Lawrence Welkowitz is an American psychologist and politician. He was a member of the New Hampshire House of Representatives and represented the Cheshire 4th district from 2020 to 2022.

He is an American clinical psychologist, academic, author, and inventor known for his work on autism spectrum disorders and social anxiety. He is a former professor of psychology at Keene State College and has contributed to research, clinical practice, and the development of communication technologies.

== Early life and education ==
Welkowitz was born in New York City and raised in Metuchen, New Jersey. He earned a Ph.D. in clinical psychology from the University of Hawaiʻi and completed clinical training at NYU/Bellevue Hospital. He is Jewish.

== Academic career ==
Welkowitz served as a professor of psychology at Keene State College in Keene, New Hampshire, where his work focused on autism spectrum disorders, particularly social communication and speech patterns.

He conducted research on the role of acoustic features of speech, including pitch and rhythm, in social interaction and communication.

== Clinical career ==
Welkowitz is a licensed clinical psychologist who has practiced in New Hampshire and Colorado. His clinical work has focused on autism spectrum disorders, anxiety disorders, and mood disorders, using cognitive-behavioral and behavioral approaches.

== Publications ==
Welkowitz is co-author of The Hidden Face of Shyness, published by Avon Books in 1996.

He is also co-editor of Asperger's Syndrome: Intervening in Schools, Clinics, and Communities (2005), a multidisciplinary volume on intervention strategies.

He has co-authored peer-reviewed research with psychiatrist Michael R. Liebowitz on anxiety disorders, including panic disorder.

== Technological contributions ==
Welkowitz is co-inventor of SpeechMatch, a software application designed to provide visual feedback on speech characteristics such as pitch, rhythm, and volume to support communication development.

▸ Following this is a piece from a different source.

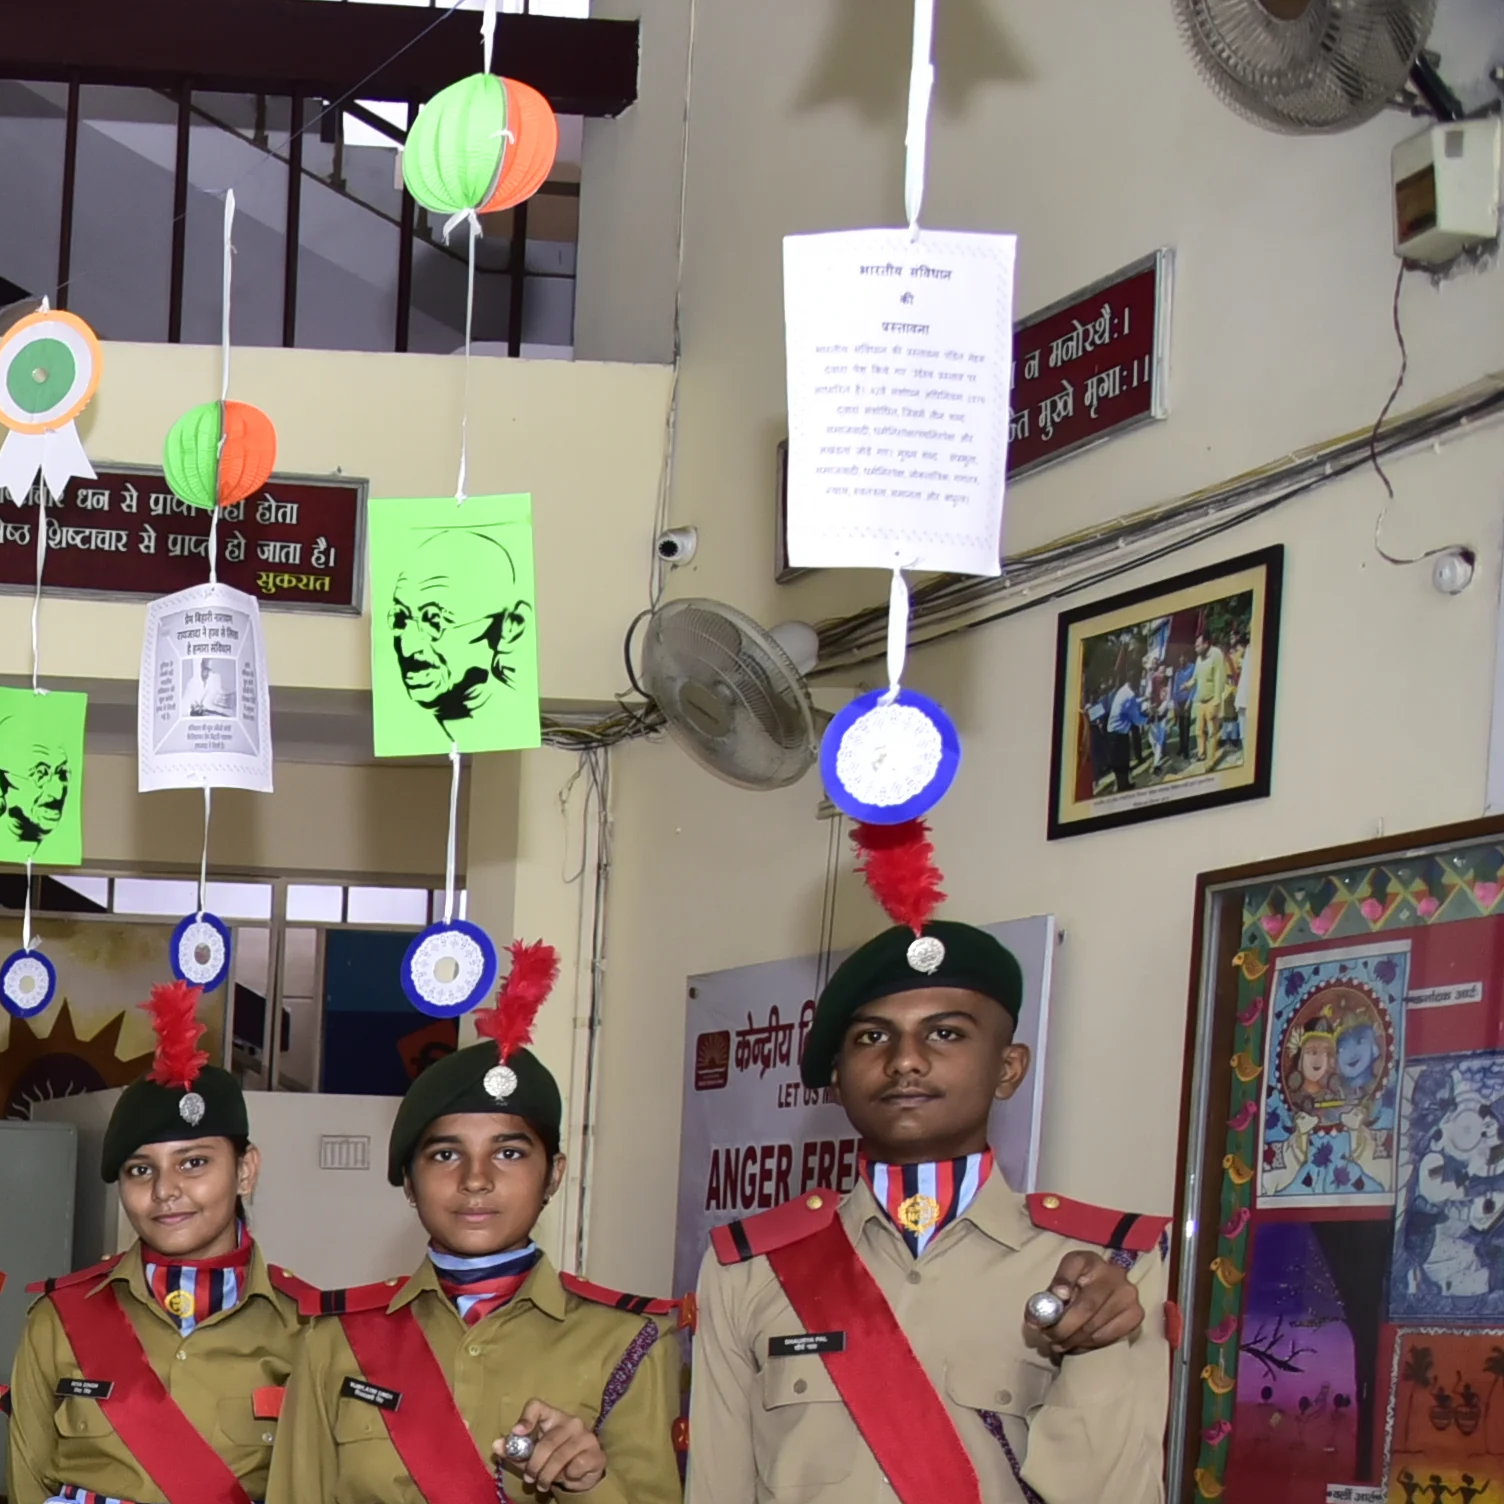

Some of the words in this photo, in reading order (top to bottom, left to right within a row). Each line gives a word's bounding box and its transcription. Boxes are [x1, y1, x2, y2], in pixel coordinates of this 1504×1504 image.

He holds a United States patent for this technology: Communication system for processing audio input with visual display (U.S. Patent No. 11,315,588), issued April 26, 2022.

== Political career ==
Welkowitz served as a Democratic Party member of the New Hampshire House of Representatives from December 2, 2020 until December 7, 2022, representing a district that includes Keene, New Hampshire.

== Selected works ==

- The Hidden Face of Shyness (1996)
- Asperger's Syndrome: Intervening in Schools, Clinics, and Communities (2005)
- "Cognitive-behavior therapy for panic disorder delivered by psychopharmacologically oriented clinicians" (1991)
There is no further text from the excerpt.